Charles Kupchan suggests so:
I believe that the world is entering a period of tectonic change in the global distribution of power. The coming redistribution of global economic output speaks for itself. For the United States to deny this inevitable reallocation of wealth and power (as Kagan recommends) would be to engage in dangerous self-delusion. To be sure, the United States will remain a power of the top rank for a long time to come. Even so, managing a world in which the West no longer enjoys material primacy will require acknowledging the task at hand—as well as ample foresight and judicious diplomacy. Now, while the United States still enjoys primacy, is the time to begin shaping that next world.
Tom Nichols challenges the idea that the growth of developing economies "speaks for itself:"
I never understand the chant about China’s growth, because China should have the world’s largest economy, because it has the world’s largest population, and the fact that it has gone for decades without reaching that mark is indicative of just how screwed up the Chinese economy has been in the 20th and 21st centuries.
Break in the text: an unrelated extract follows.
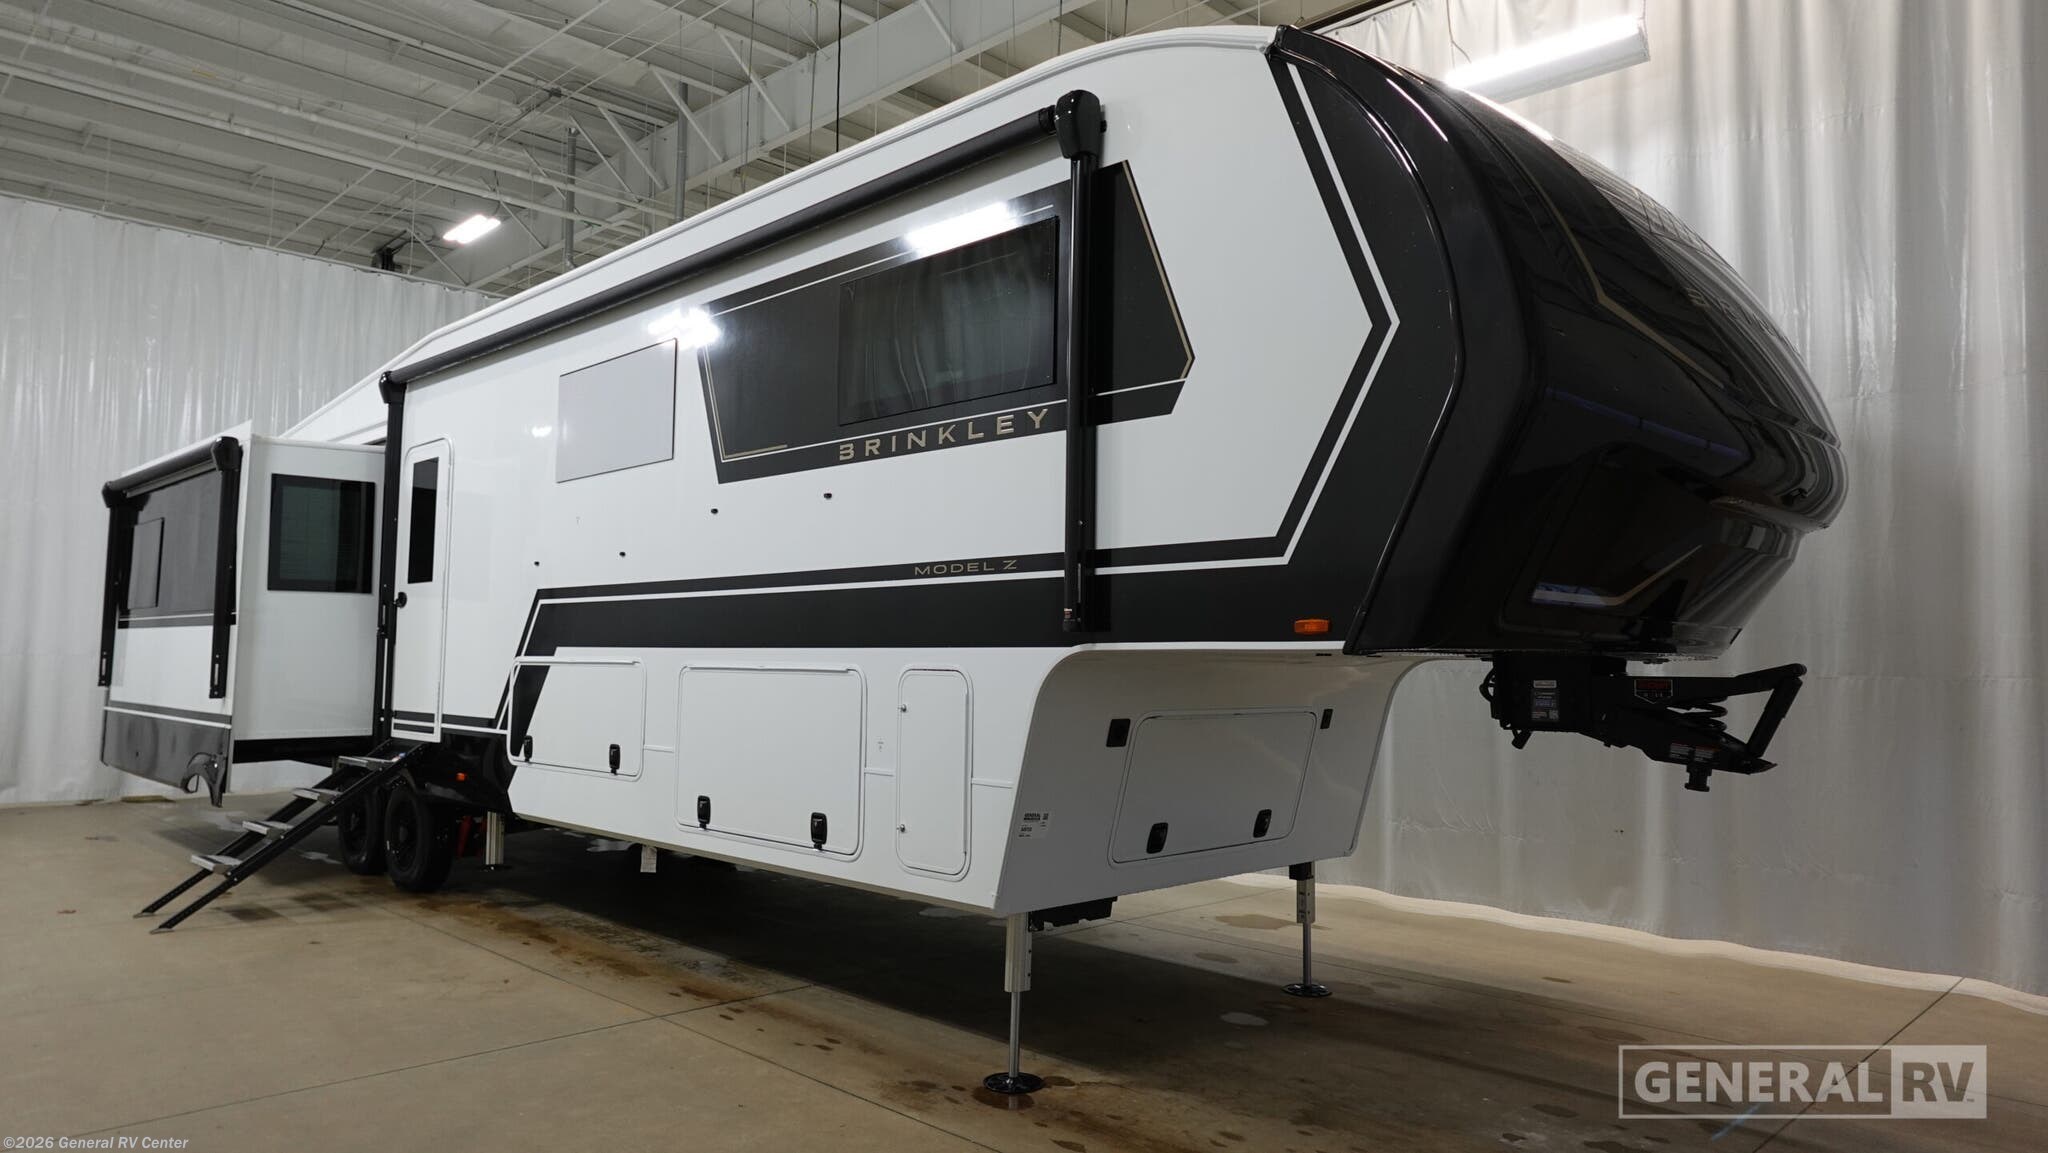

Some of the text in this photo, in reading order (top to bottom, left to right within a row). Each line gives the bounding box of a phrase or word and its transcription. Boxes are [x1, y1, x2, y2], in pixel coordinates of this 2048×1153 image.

And a word about growth: it’s a relative measure. China and India need high growth, because without it, the lights start to go out and the water stops running. When your infrastructure is, in places, at Third World levels, you’d damn well better be able to crank up production, because you still have plenty of economic distance to make up. … Now, if the Chinese start to out-produce us in ways that matter, like innovation, intellectual achievement (and I don’t mean scoring high on math, I mean inventing another Apple instead of building them), or surpassing us in standard of living, then sure, we should rethink what we’re doing. But nobody is arguing that anything like that is going to happen.